The stories submerged forests can tell
Published 9:00 am Monday, April 8, 2024
- This photo of submerged stumps along the Columbia River is attributed to Sarah Hall Ladd and was taken around 1902.
A few weeks ago, I wrote in this column about some of the seismic events that have affected coastal areas of the Northwest, including a major earthquake along the Cascadia Subduction Zone fault line that happened on Jan. 26, 1700.
Researchers know that date in part because of places like the Copalis Ghost Forest, where stumps remaining from what were once tall cedar and spruce forests along the Washington coast hold time capsules in the form of ring patterns.
Submerged places along the Oregon Coast, like the Neskowin Ghost Forest, tell a similar story.
There, Sitka spruce stumps as much as 2,000 years old re-emerged from the sand after a series of winter storms in the late 1990s.

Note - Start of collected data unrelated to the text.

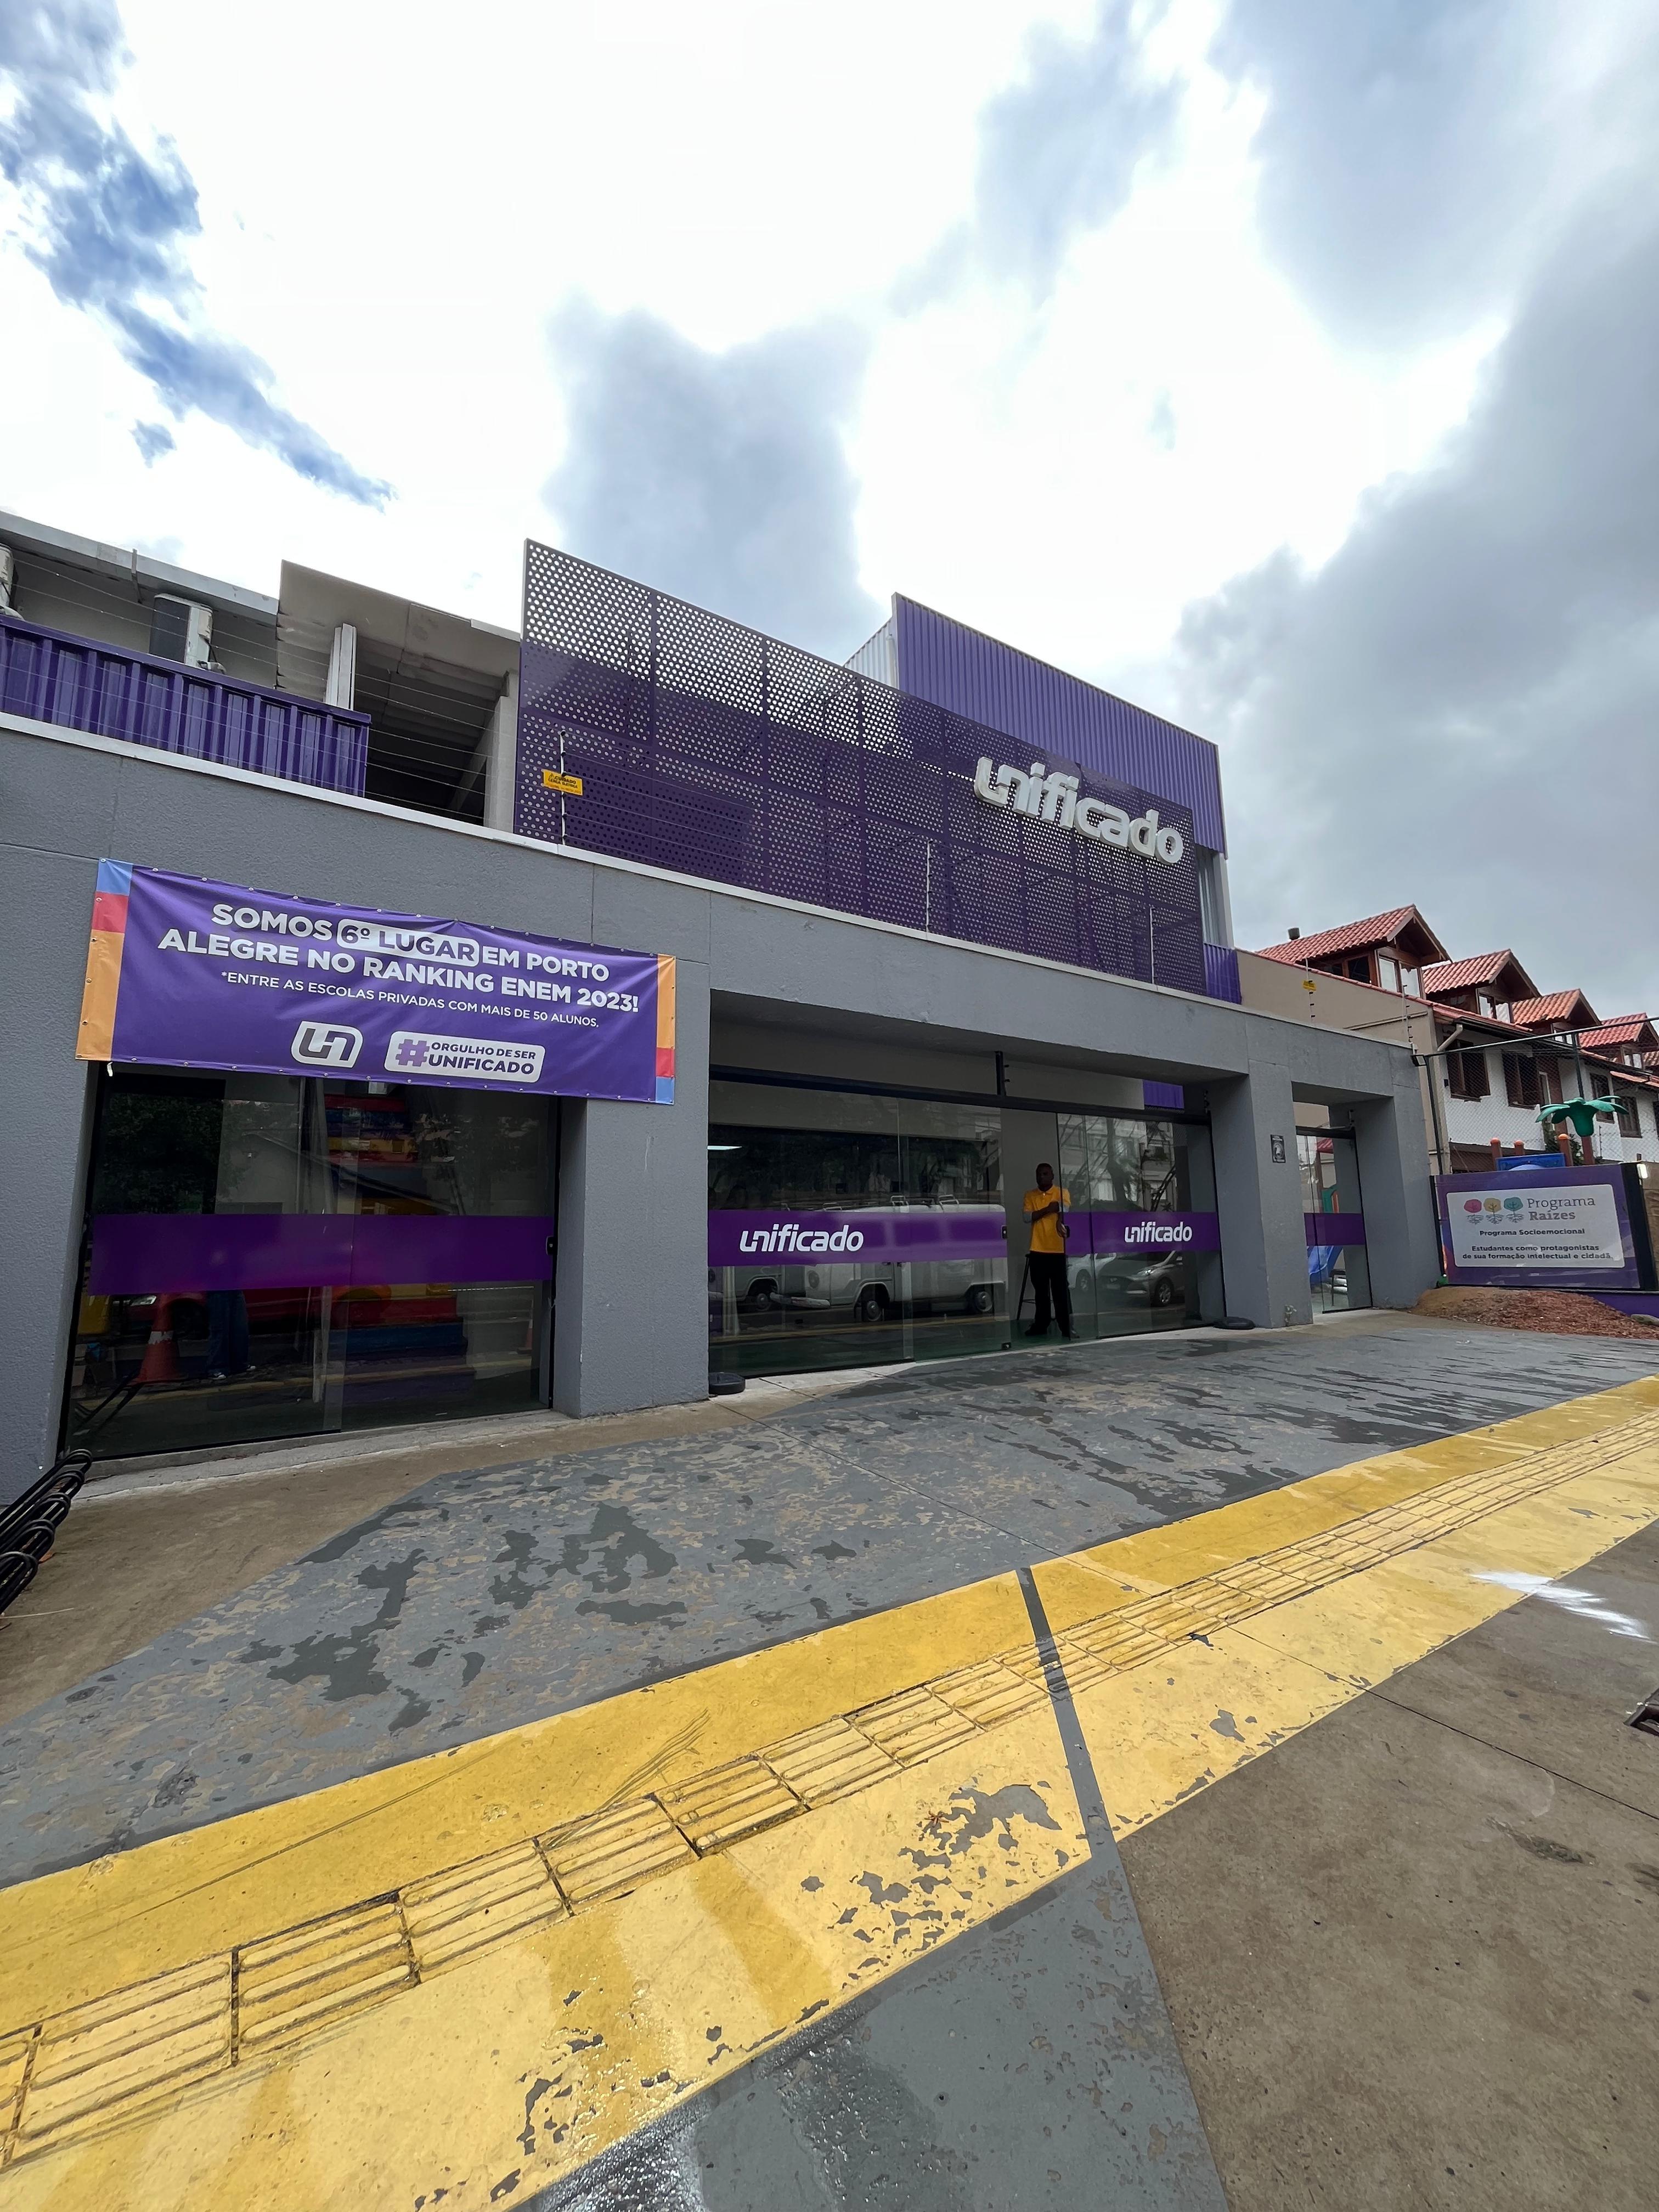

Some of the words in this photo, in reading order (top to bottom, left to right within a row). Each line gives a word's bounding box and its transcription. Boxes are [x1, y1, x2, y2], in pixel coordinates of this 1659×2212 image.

[974, 757, 1183, 865] unificado
[211, 904, 333, 941] SOMOS
[379, 930, 476, 961] LUGAR
[482, 945, 520, 968] EM
[527, 952, 610, 982] PORTO
[157, 928, 299, 966] ALEGRE
[308, 949, 356, 974] NO
[363, 956, 494, 993] RANKING
[501, 976, 571, 1004] ENEM
[577, 988, 640, 1013] 2023!
[283, 979, 304, 992] AS
[308, 983, 375, 1001] ESCOLAS
[378, 991, 445, 1009] PRIVADAS
[448, 1000, 477, 1013] COM
[481, 1005, 511, 1018] MAIS
[514, 1009, 531, 1019] DE
[533, 1011, 548, 1022] 50
[551, 1013, 600, 1028] ALUNOS.
[431, 1042, 494, 1056] ORGULHO
[496, 1048, 512, 1058] DE
[514, 1049, 537, 1060] SER
[428, 1056, 535, 1075] UNIFICADO
[1527, 1197, 1595, 1210] Programa
[1529, 1210, 1576, 1221] Raízes
[740, 1224, 864, 1251] unificado
[1125, 1222, 1192, 1242] unificado

It’s estimated the trees once stood between 150 and 200 feet tall, a coastal rainforest now best seen at low tide.
Lewis and Clark observed a similar submerged forest in the Columbia River. In a journal entry from Oct. 30, 1805, Capt. William Clark noted stumps “at some distance” from the riverbank near present-day Cascade Locks.
On April 14, 1806, as the expedition returned upriver, Capt. Meriwether Lewis wrote of “the trunks of many large pine trees s(t)anding erect as they grew at present in 30 feet water.”

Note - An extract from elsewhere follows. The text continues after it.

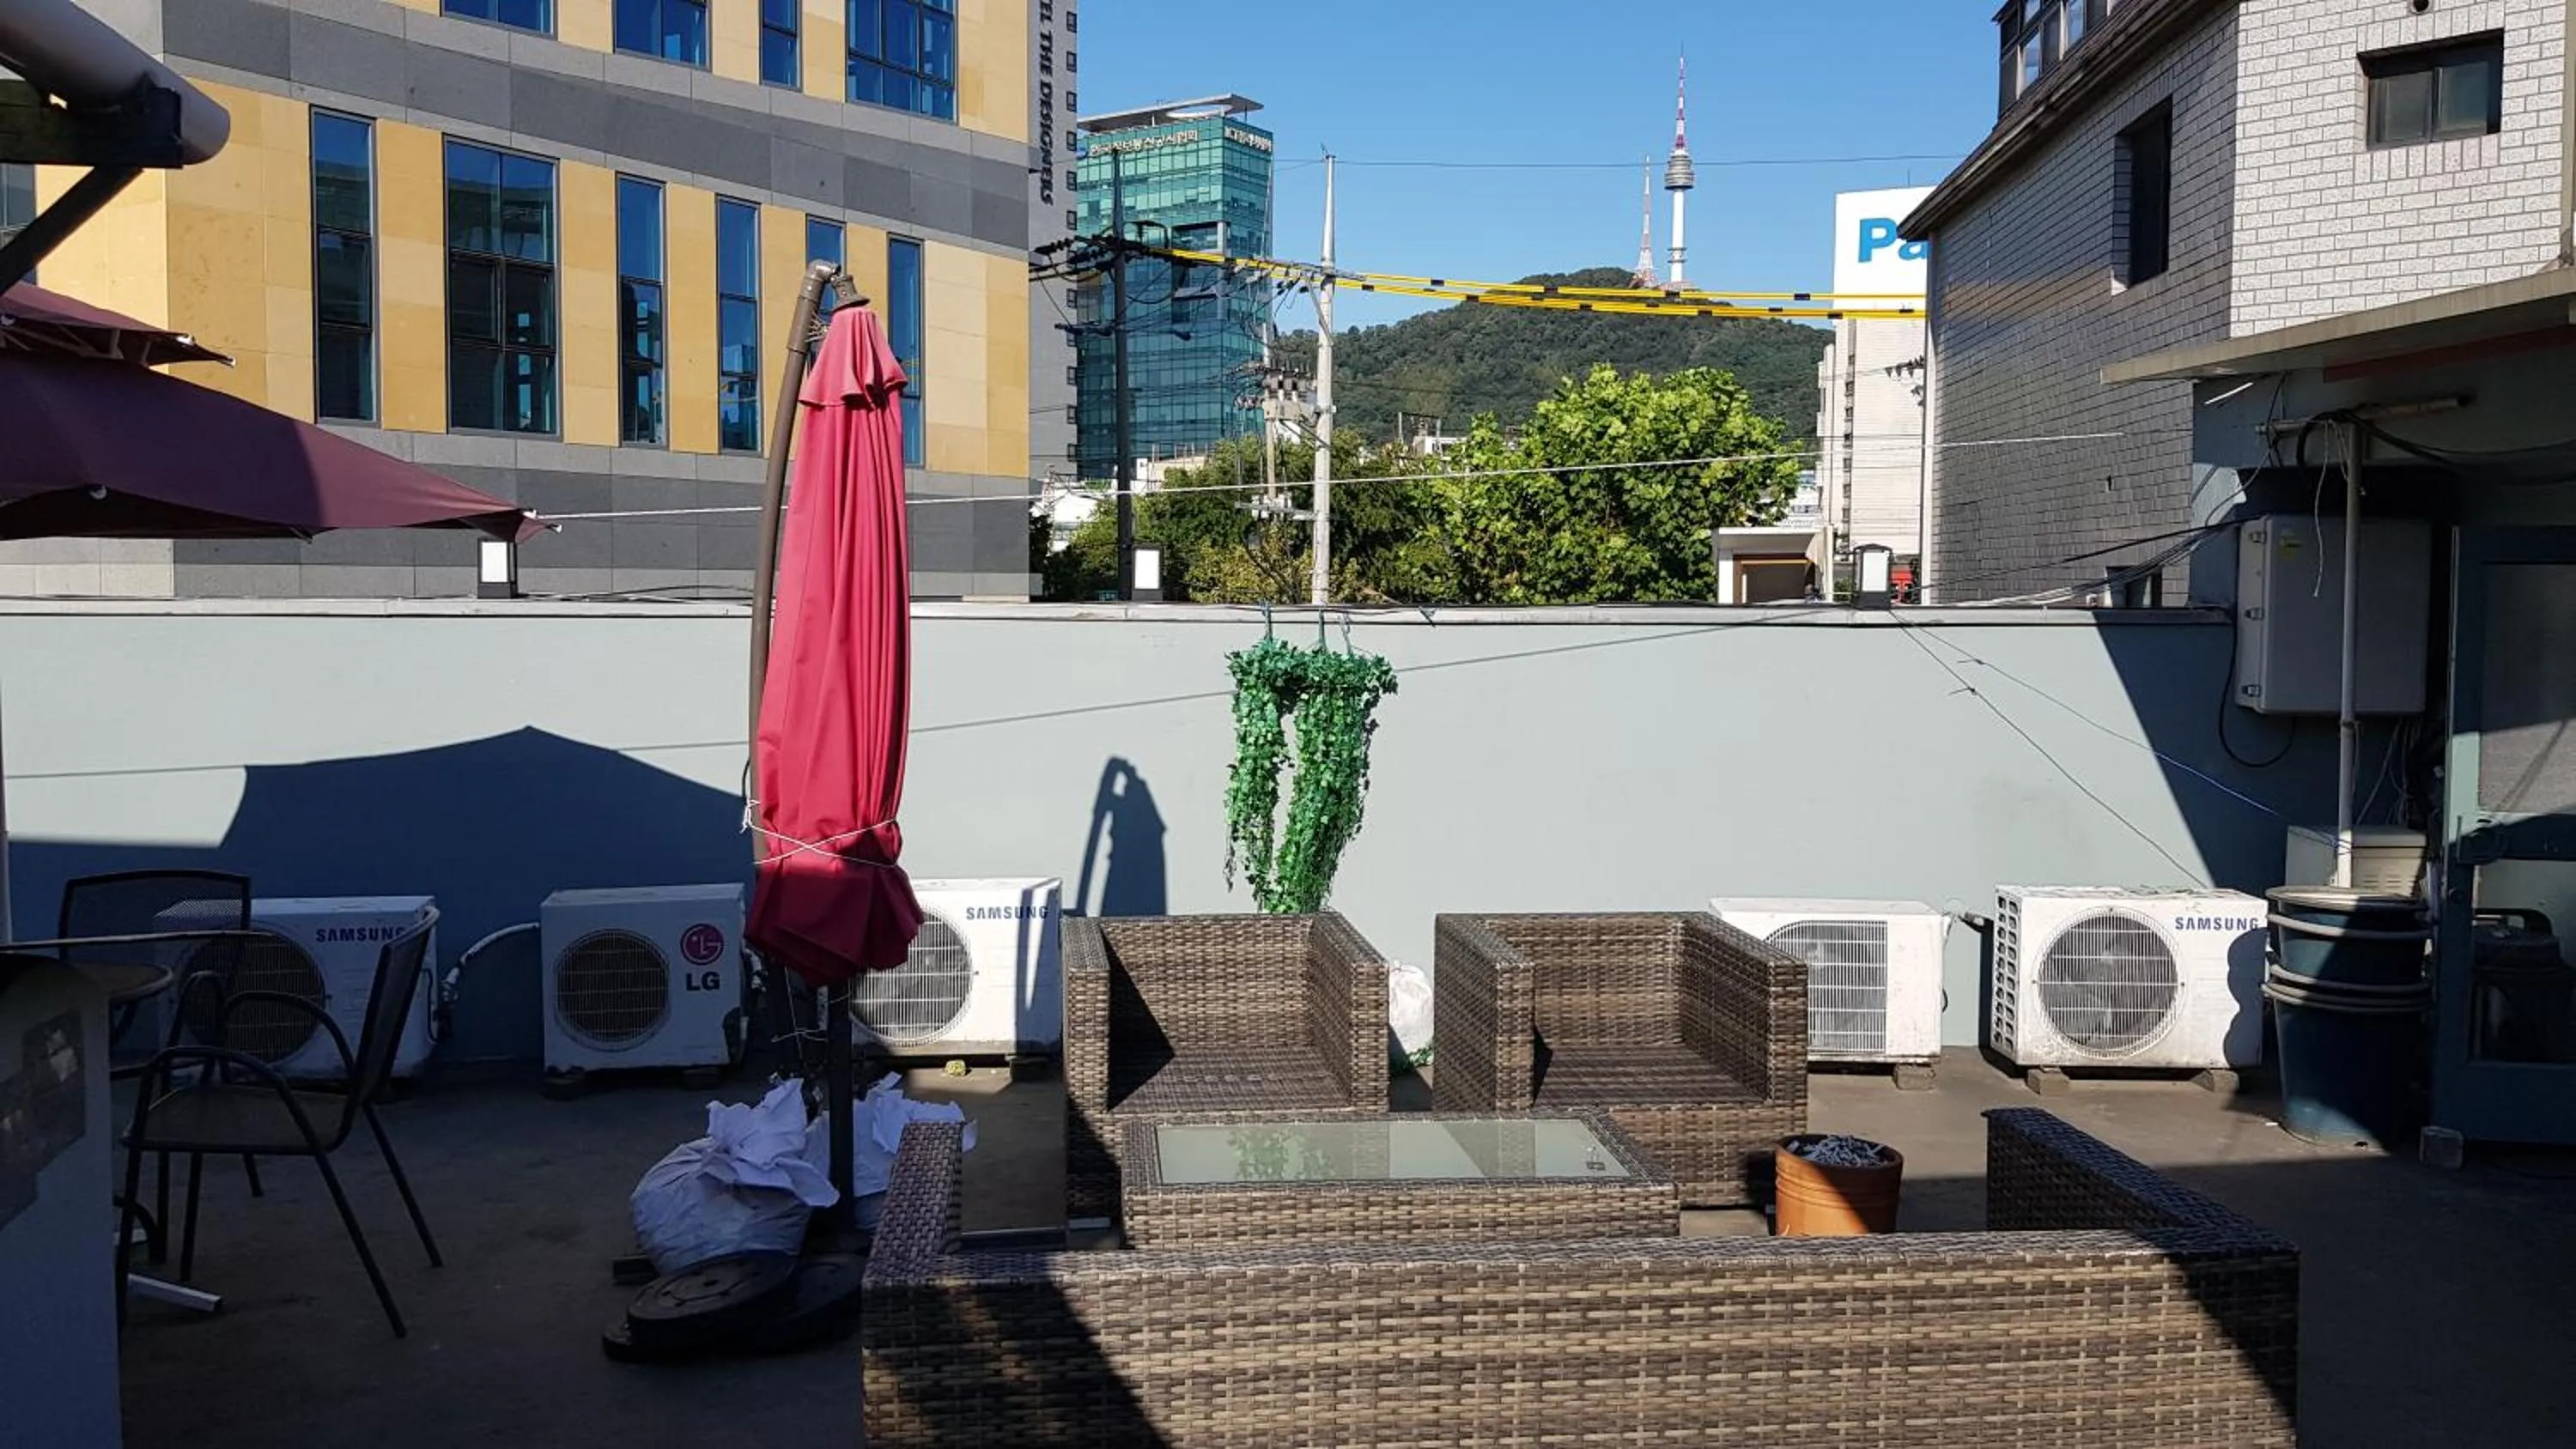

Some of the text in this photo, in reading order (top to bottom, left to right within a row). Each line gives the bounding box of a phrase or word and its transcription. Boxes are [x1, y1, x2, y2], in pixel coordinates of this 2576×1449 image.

Unlike ghost forests on the Atlantic Coast, which are often the result of sea level rise, scientists have supposed that these trees were buried after an abrupt drop, or otherwise covered by landslides or tsunami debris.
The barnacle and mussel-covered stumps of Neskowin, and others, are a look into a past landscape, and a fascinating reminder of a coastline that’s ever-changing.